Monday, February 8, 2010

Dual Diagnosis part 2: A preface

Last week I wrote about Dual Diagnosis, or Co-Occurring disorders, which refer to people who have both a mental illness and a substance abuse problem (licit or illicit.) This week I wanted to address what you can do if you have a loved one who is living with this issue.

I want to start out by saying that I struggled with writing this post yesterday. I felt blocked and so I decided to sleep on it. I think I know why. I think it is because I wanted to be careful when writing this post. Careful to give you good advice and resources, but also careful not to make it sound like the tips and links I was giving you would make things easy.

Because watching someone you love struggle with not one but two illnesses can be daunting right? It can feel like you are all alone in the struggle. The temptation to try and fix things within your family, or relationship, or friendship-without seeking outside help-can be great. And the feeling that it is your job to fix their problems, to save them, can be a weighty one.

It can be scary to even broach the subject with a person you care about. What if they get mad, what if you lose the relationship, what if you're wrong? The simple act of bringing the problem into the light through honest discussion...well it can feel anything but simple.

And even when your loved one has begun treatment, there is still a long hard road ahead. Overcoming mental illness and substance abuse at the same time is not easy. It is challenging. It is complicated. It takes time, often lots of time. It is hard, two steps forward one step back, work. I want to acknowledge this. (I might add that the above also applies to people who are struggling with other mental illnesses or disorders.)

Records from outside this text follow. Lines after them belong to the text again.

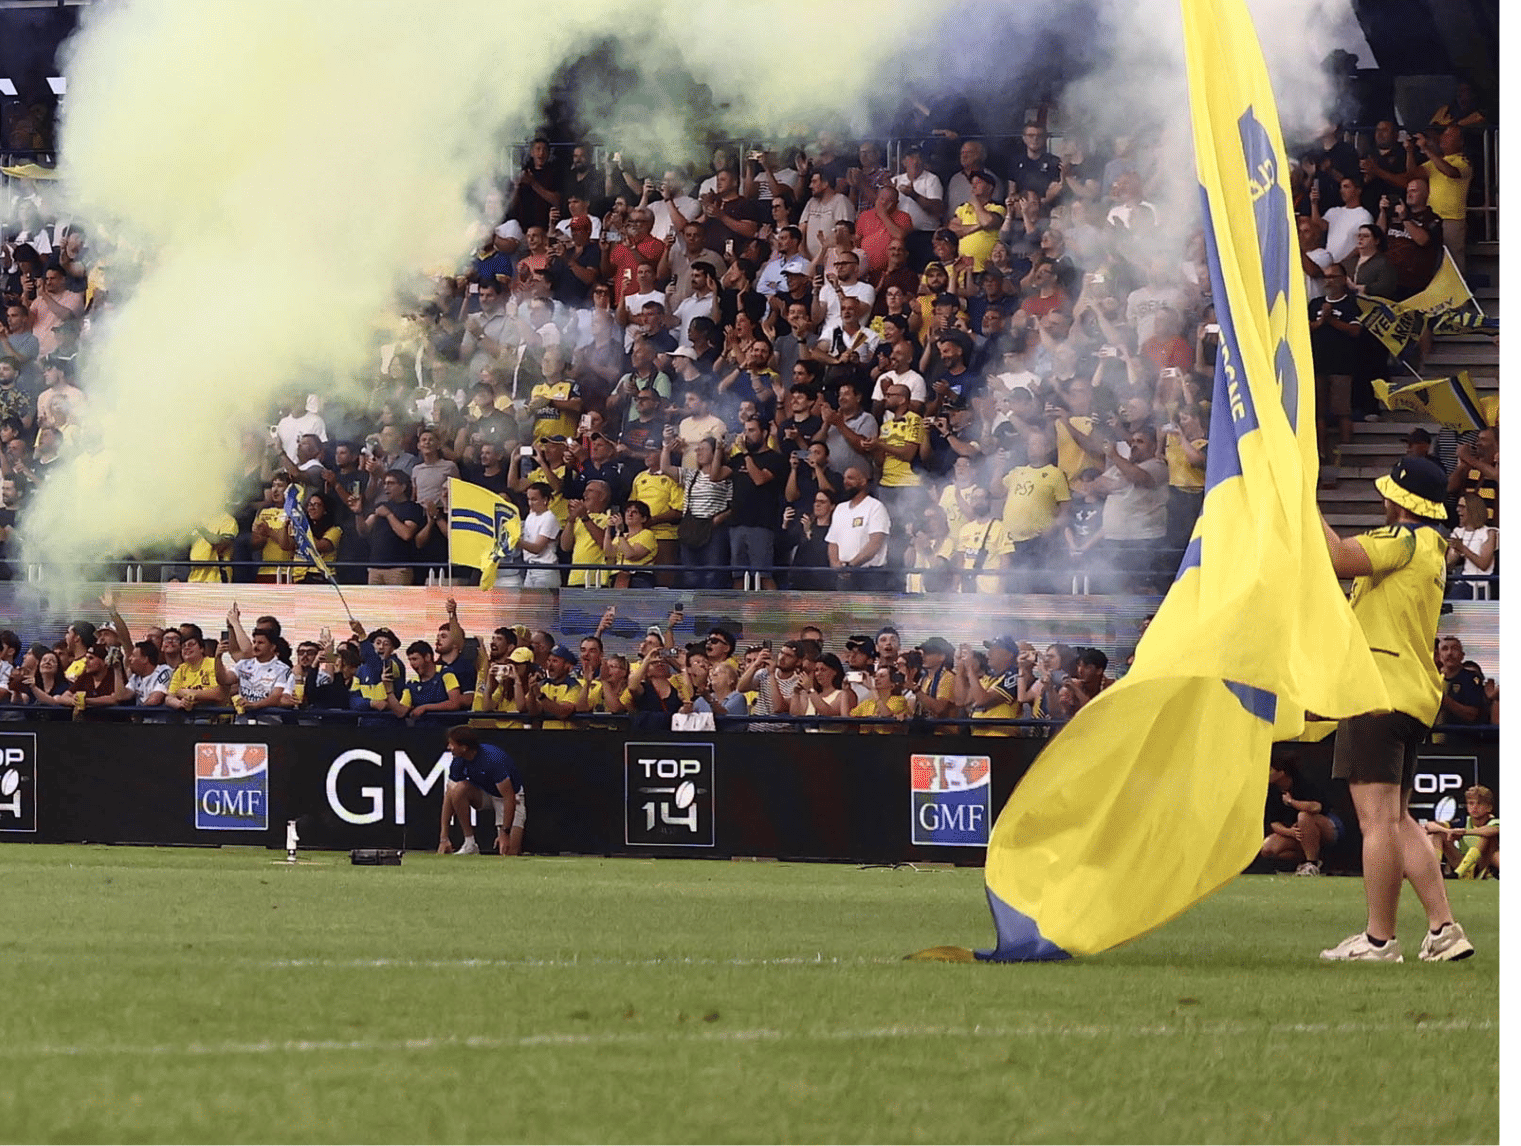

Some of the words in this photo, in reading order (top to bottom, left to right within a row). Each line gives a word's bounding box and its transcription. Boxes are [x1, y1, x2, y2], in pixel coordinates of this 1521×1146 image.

[638, 758, 701, 778] TOP
[326, 748, 477, 827] GM
[1414, 773, 1463, 793] OP
[202, 789, 262, 816] GMF
[642, 801, 698, 832] 14
[919, 803, 985, 831] GMF

Yet I don't want to rob you of hope. I truly believe that there is always room for hope. It is possible to overcome dual diagnosis. There are resources out there for you, there is help out there. There are communities of people who know what you are going through, and they can support you. If there is one message that runs through all of the tips and advice I am about to offer it is this one: You are not alone, you don't have to do this alone. There is help out there, and there is always room for hope.



I am going to leave at that for this post. I wanted to get that out there. I wanted to let you know that I know there are no quick fixes. That I am not trying to tell you that I can give you easy answers. I am going to include all the tips and links I have for you in an immediate follow up post. I hope they will help you, your family, your loved ones.